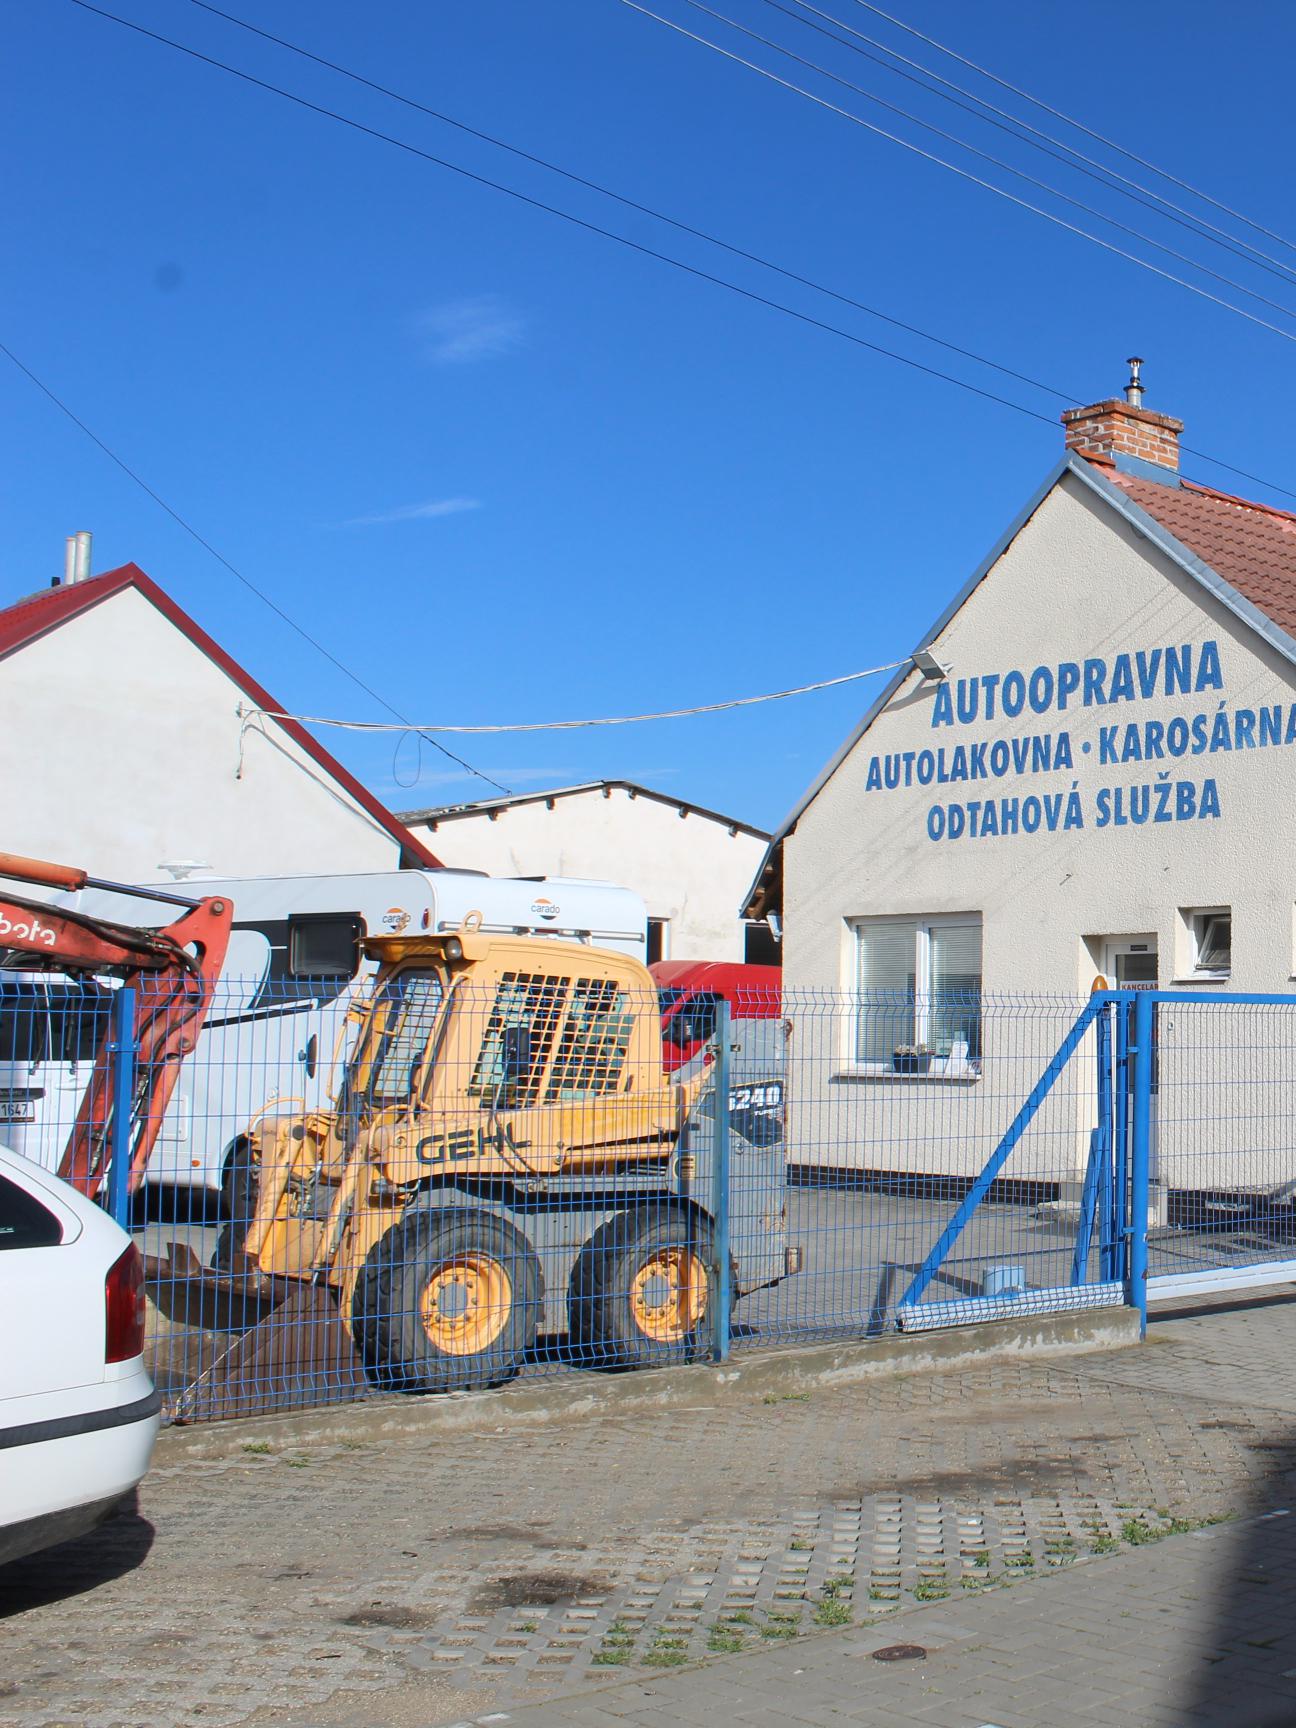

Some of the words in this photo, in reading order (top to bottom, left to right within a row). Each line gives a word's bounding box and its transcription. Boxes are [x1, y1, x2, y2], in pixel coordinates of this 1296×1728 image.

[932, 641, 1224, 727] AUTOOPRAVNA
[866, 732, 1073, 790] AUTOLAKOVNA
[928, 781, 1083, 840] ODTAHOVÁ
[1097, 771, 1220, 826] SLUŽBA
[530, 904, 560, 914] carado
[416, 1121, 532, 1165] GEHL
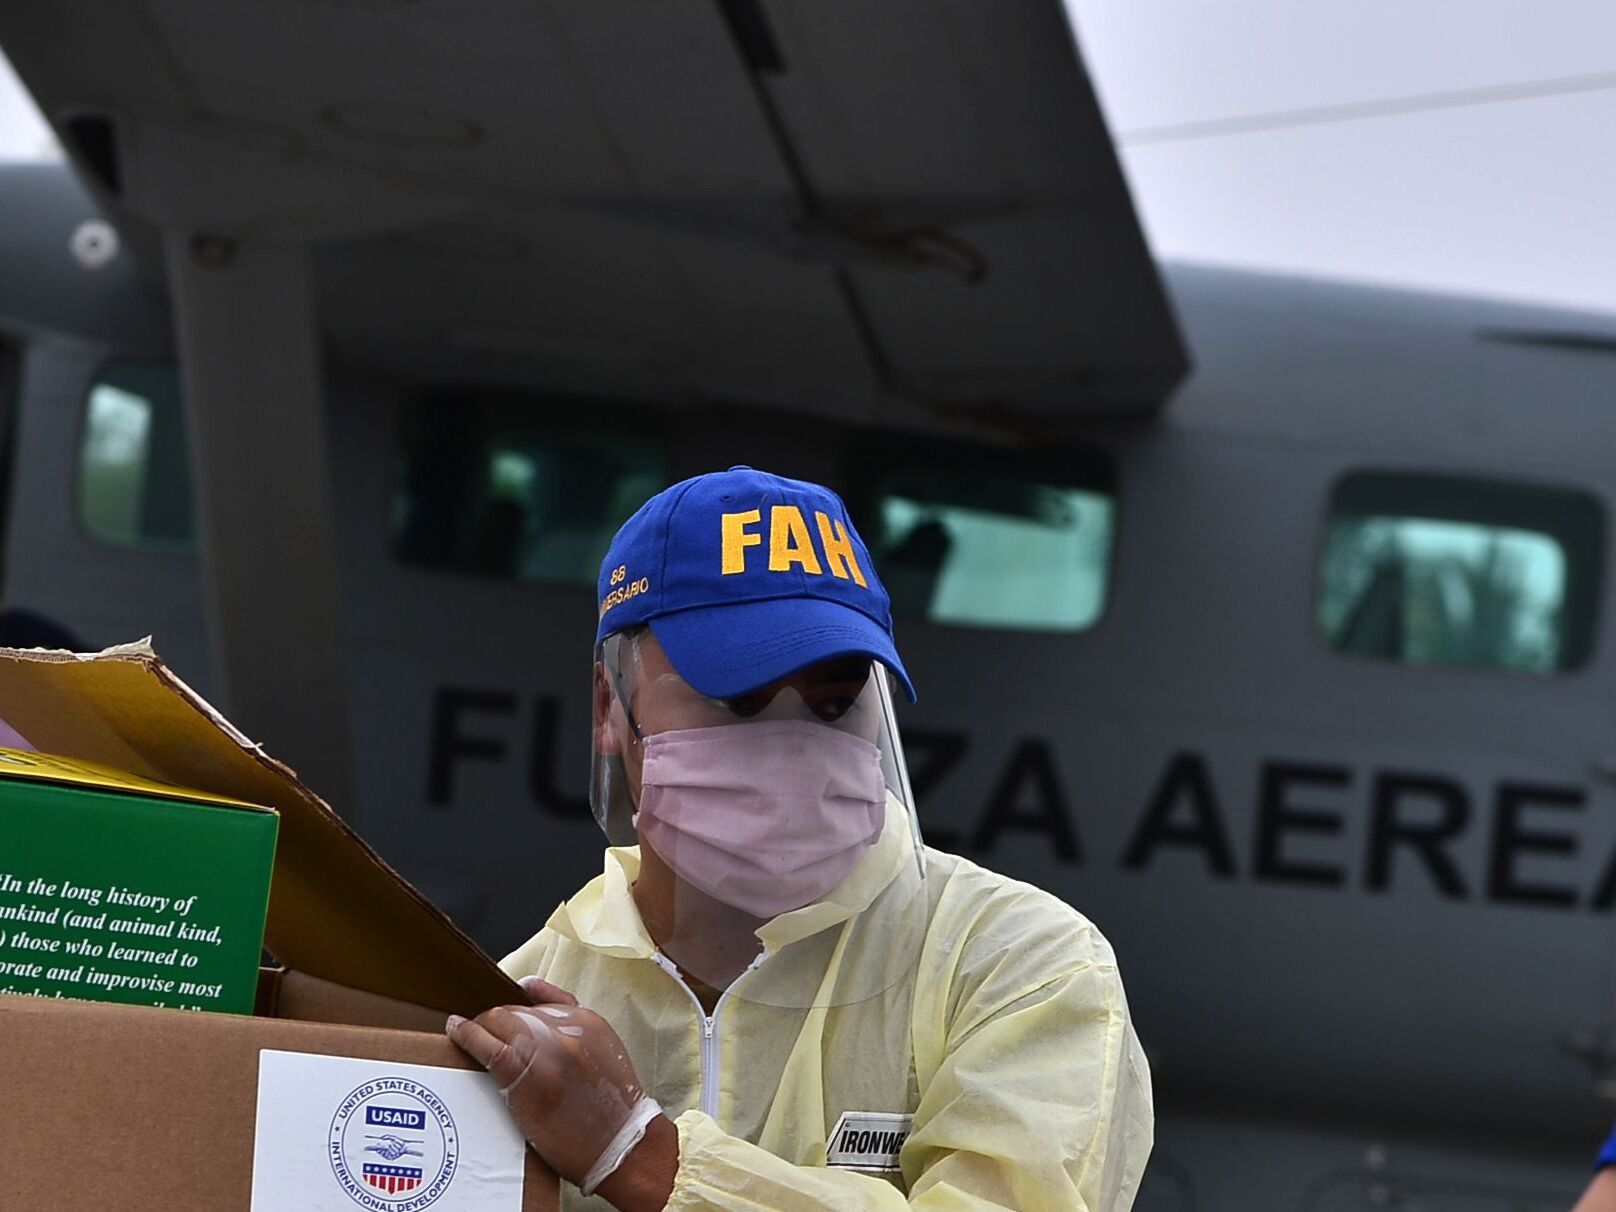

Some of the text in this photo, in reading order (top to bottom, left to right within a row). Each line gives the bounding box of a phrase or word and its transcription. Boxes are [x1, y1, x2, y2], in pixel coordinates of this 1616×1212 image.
================================
■ **Exercise requirements**
Leave out the images and copy every record above exactly.

■ **Answer to the exercise**
Some of the words in this photo, in reading order (top to bottom, left to right within a row). Each line gives a word's bounding box and its transcription. Boxes are [x1, y1, x2, y2], in pixel coordinates of this 1296×1728 image.

[932, 641, 1224, 727] AUTOOPRAVNA
[866, 732, 1073, 790] AUTOLAKOVNA
[928, 781, 1083, 840] ODTAHOVÁ
[1097, 771, 1220, 826] SLUŽBA
[530, 904, 560, 914] carado
[416, 1121, 532, 1165] GEHL

Some of the text in this photo, in reading order (top to bottom, left to right within a row). Each line gives the bounding box of a phrase or word and its transcription. Boxes are [x1, y1, x2, y2], in pixel coordinates of this 1616×1212 image.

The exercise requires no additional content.